アメリカ・ボルチモア出身のプロデューサー/DJ。1980年代にDr ScratchとしてヒップホップDJのキャリアをスタートさせ、1990年代にはプロデューサーとして頭角を現し、90年代初頭には、Basement Boys のスタジオにも関わり、Crystal Waters や Ultra Naté 作品で経験を積み、後の独自のキャリアを切り拓いた。以降、常にシーンの中で異彩を放つ存在として、ハウス/ディスコ/エレクトロニックを自由に横断する音楽を作り続けている。
彼のサウンドの核には、幼少期から親しんできたファンクの精神が色濃く息づいている。ファットなベースライン、タイトなリズム、そして時に実験的なアプローチを掛け合わせ、フロアを確実に揺らすと同時に、リスナーに鮮烈な驚きをもたらしてきた。その探究心は、プロデューサー/リミキサー/DJという複数の立場で常に発揮され、時代やトレンドを超越したユニークな存在感を確立している。
活動名義も多岐にわたり、妻である「MU」とのプロジェクトでは、2000年代初頭に「Afro Finger and Gel」 (2003年)、「Out of Breach」(2005年)といったアルバムを発表。パンク的なアティチュードとクラブサウンドを融合させたその作品群は、いまなおカルト的な人気を誇る。

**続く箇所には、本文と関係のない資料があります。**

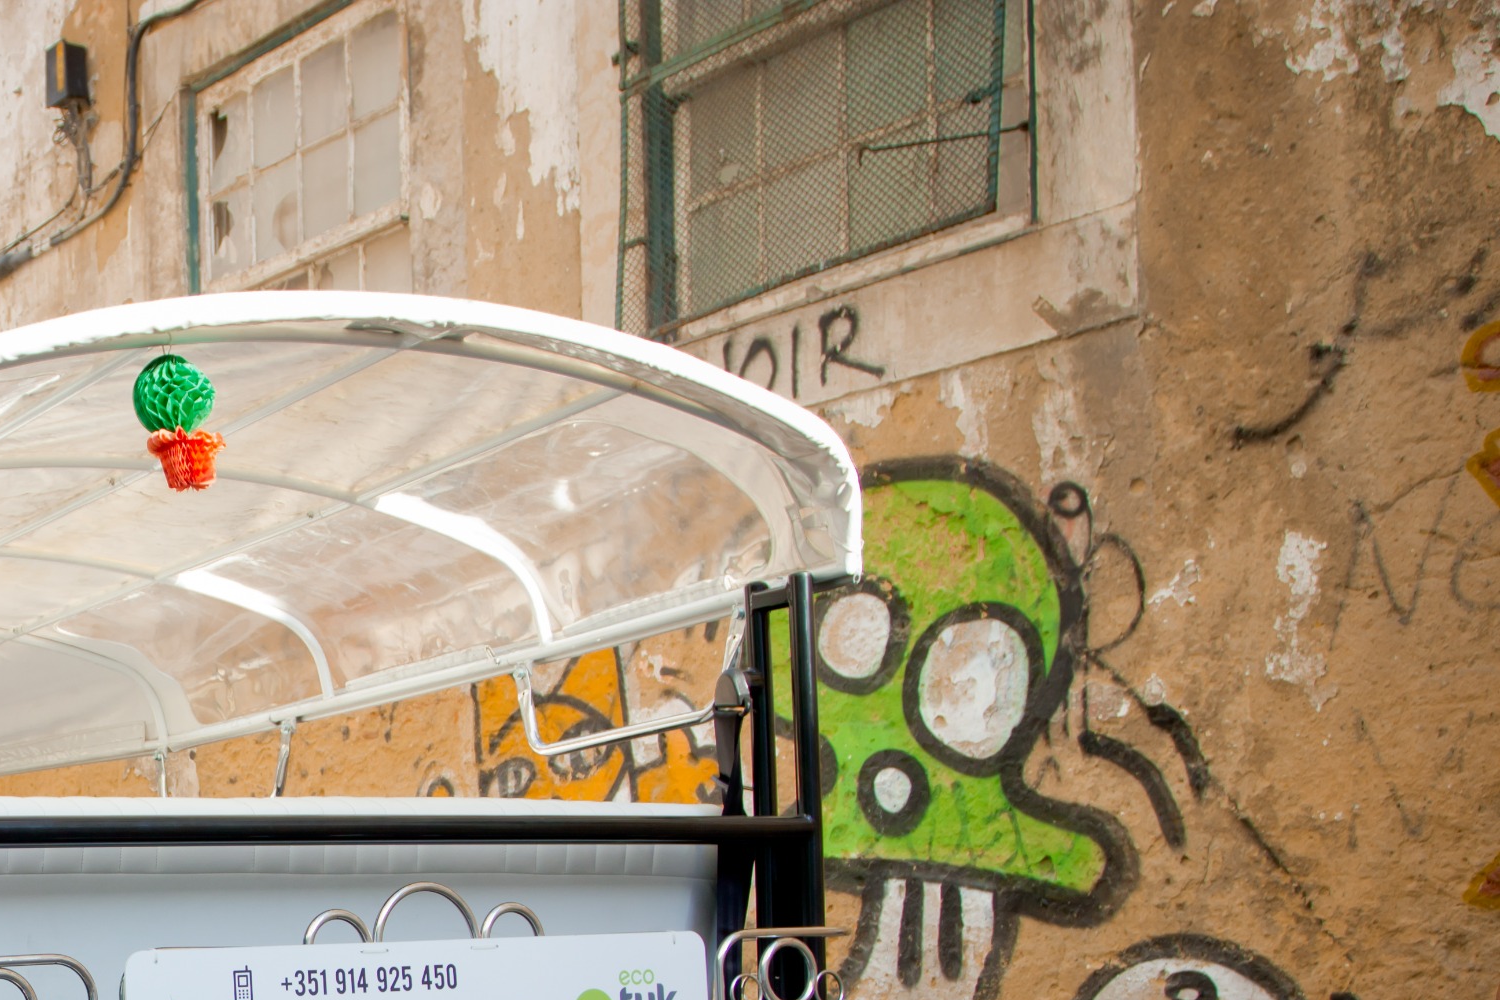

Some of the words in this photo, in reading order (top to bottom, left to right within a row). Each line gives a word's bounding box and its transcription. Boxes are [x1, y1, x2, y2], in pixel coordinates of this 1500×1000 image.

[281, 969, 328, 997] +351
[335, 967, 369, 995] 914
[376, 965, 413, 993] 925
[421, 963, 457, 991] 450
[619, 969, 655, 986] eco
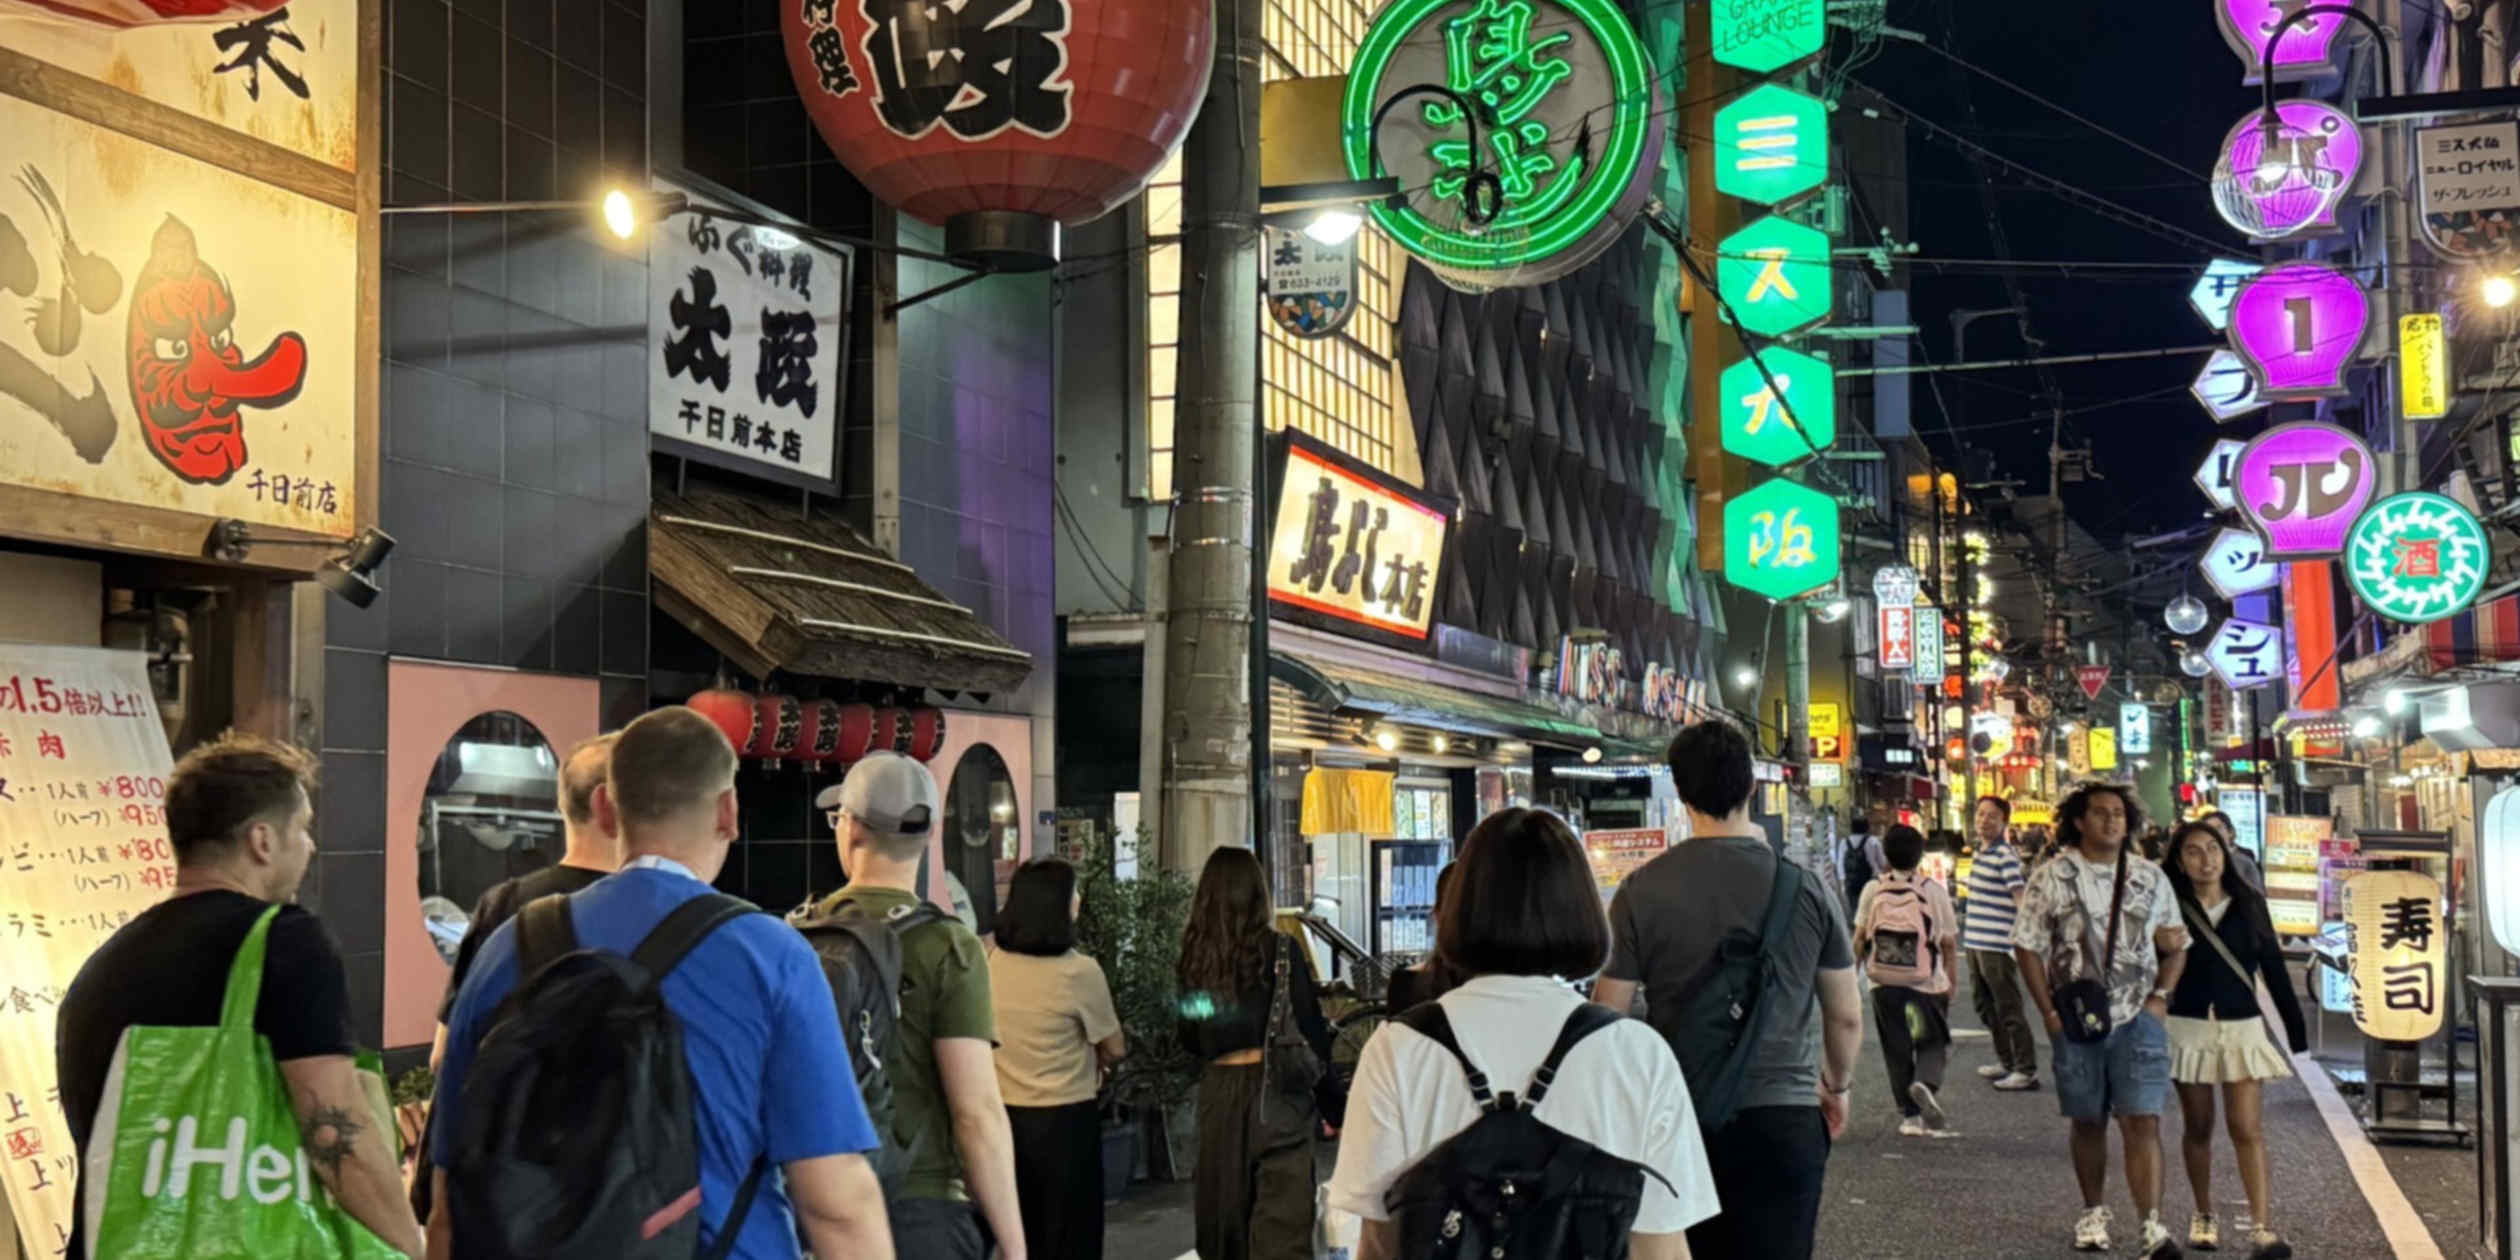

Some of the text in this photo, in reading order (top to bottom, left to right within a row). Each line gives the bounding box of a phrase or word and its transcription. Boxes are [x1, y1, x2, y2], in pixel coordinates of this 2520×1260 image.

[1722, 1, 1814, 52] LOUNGE
[687, 212, 813, 302] ふぐ料理
[678, 399, 803, 464] 千日前本店
[246, 469, 338, 515] 千日前店
[2393, 536, 2440, 578] 酒
[1818, 736, 1838, 758] P
[2380, 896, 2434, 1016] 寿司

さらに「Syclops」「Boof」といったプロジェクトでも個性的な作品を世に送り出し、自身のレーベル〈Bubble Tease Communications〉からも多彩なリリースを続けてきた。
加えて、2016年には日本のDJ NORIとの共作「We Don’t Know EP」をリリースし、世
代や国境を超えたコラボレーションを実現。さらに続けて発表された「Drum Rhythms」では、NORIの長年のビート・アイデアを Fulton が独自の感性で仕上げ、シンプルなが
ら深みのあるダンスフロア・トラックとして注目を集めた。
DJとしての活動もまた多岐に渡り、ベルリンのPanorama Bar (Berghain)をはじめとする世界有数のクラブでの出演を重ね、エレクトロニック・ミュージックの実験精神とダンスフロアの快楽性を両立させたプレイで高い評価を得ている。ニューヨークでは、伝説的クラブの歴史を体験・継承し、ガラージやロフトのスピリットを現代に息づかせる存在として、長年にわたりオーディエンスを魅了してきた。また、Horse Meat Discoといったパーティ・コレクティブにも頻繁に登場し、その幅広い選曲と独自の感覚で熱狂的なファンベースを築いている。

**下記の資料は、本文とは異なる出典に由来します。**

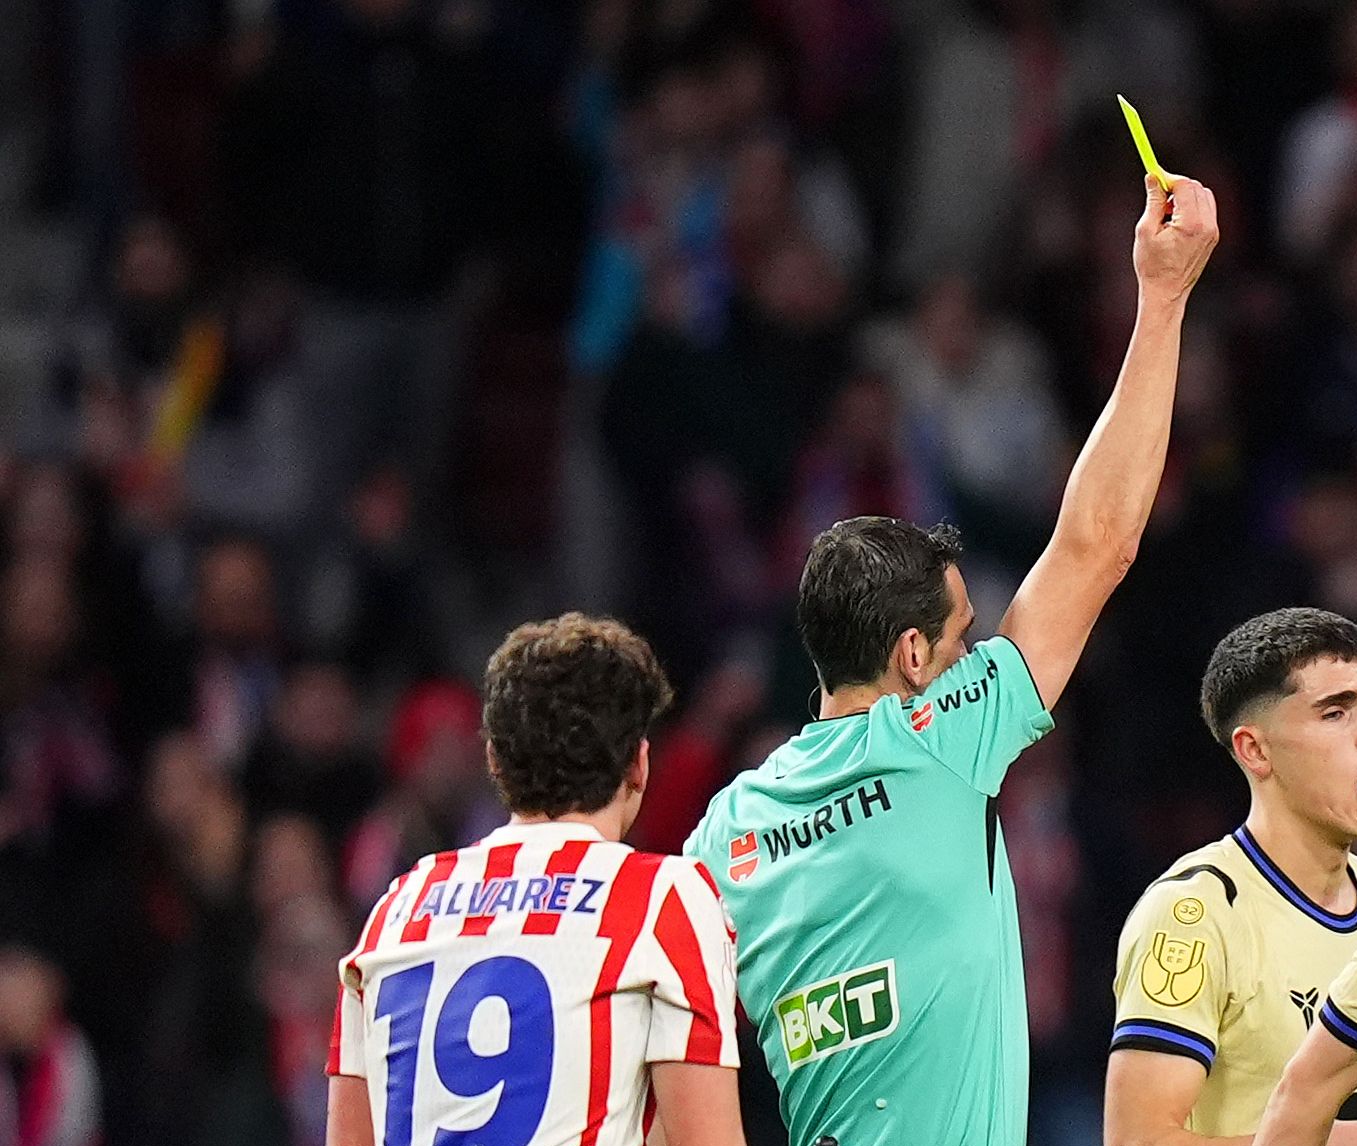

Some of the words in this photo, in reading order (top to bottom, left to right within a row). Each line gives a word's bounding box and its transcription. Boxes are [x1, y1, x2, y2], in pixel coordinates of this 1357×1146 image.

[763, 779, 892, 863] WÜRTH
[417, 875, 605, 917] ALVAREZ
[781, 974, 888, 1057] BKT

さらに近年は、NYCの新世代を代表するデュオ musclecarsが主宰するパーティ/レーベル〈Coloring Lessons〉とも深く交わり、ブルックリンのGood Roomでの共演やミックスシリーズへの参加を通じて、若いブラック・コミュニティを含む新世代のダンスフロアとの強固な接続を築いている。
2020年には韓国出身のDJ/プロデューサーPeggy Gouとのコラボレーション作「Earth EP」をリリース。ダンスフロアに直結するグルーヴと先鋭的なプロダクションが融合したこの作品は、世代や地域を超えて大きな話題となった。そして2025年には、活動の集大成ともいえる二つのアルバムを立て続けに発表。Boof名義による「Night Blooming Cereus」(2025年2月)は、ジャズ、ディスコ、シンセポップを織り交ぜた柔軟かつ豊かな音像で高い評価を得ており、Syclops名義の「Black Eye」(2025年4月)は、実験性とダンス性を兼ね備えた左派的クラブサウンドの金字塔と称されている。加えて、musclecarsやSahib Muhammadといった次世代アーティストへのリミックス提供も行い、若手とベテランの垣根を超えた交流を続けている。
常にクラブ・ミュージックの文脈には収まりきらないアプローチをとりながら、その枠を押し広げることでシーンに新たな地平を切り拓いてきた Maurice Fulton。ダンスクラシックやガラージへの深い敬意と、誰にも真似できないユーモアと奇才に満ちた感覚、その両立こそが、彼が四十年にわたり第一線で評価され続けている理由である。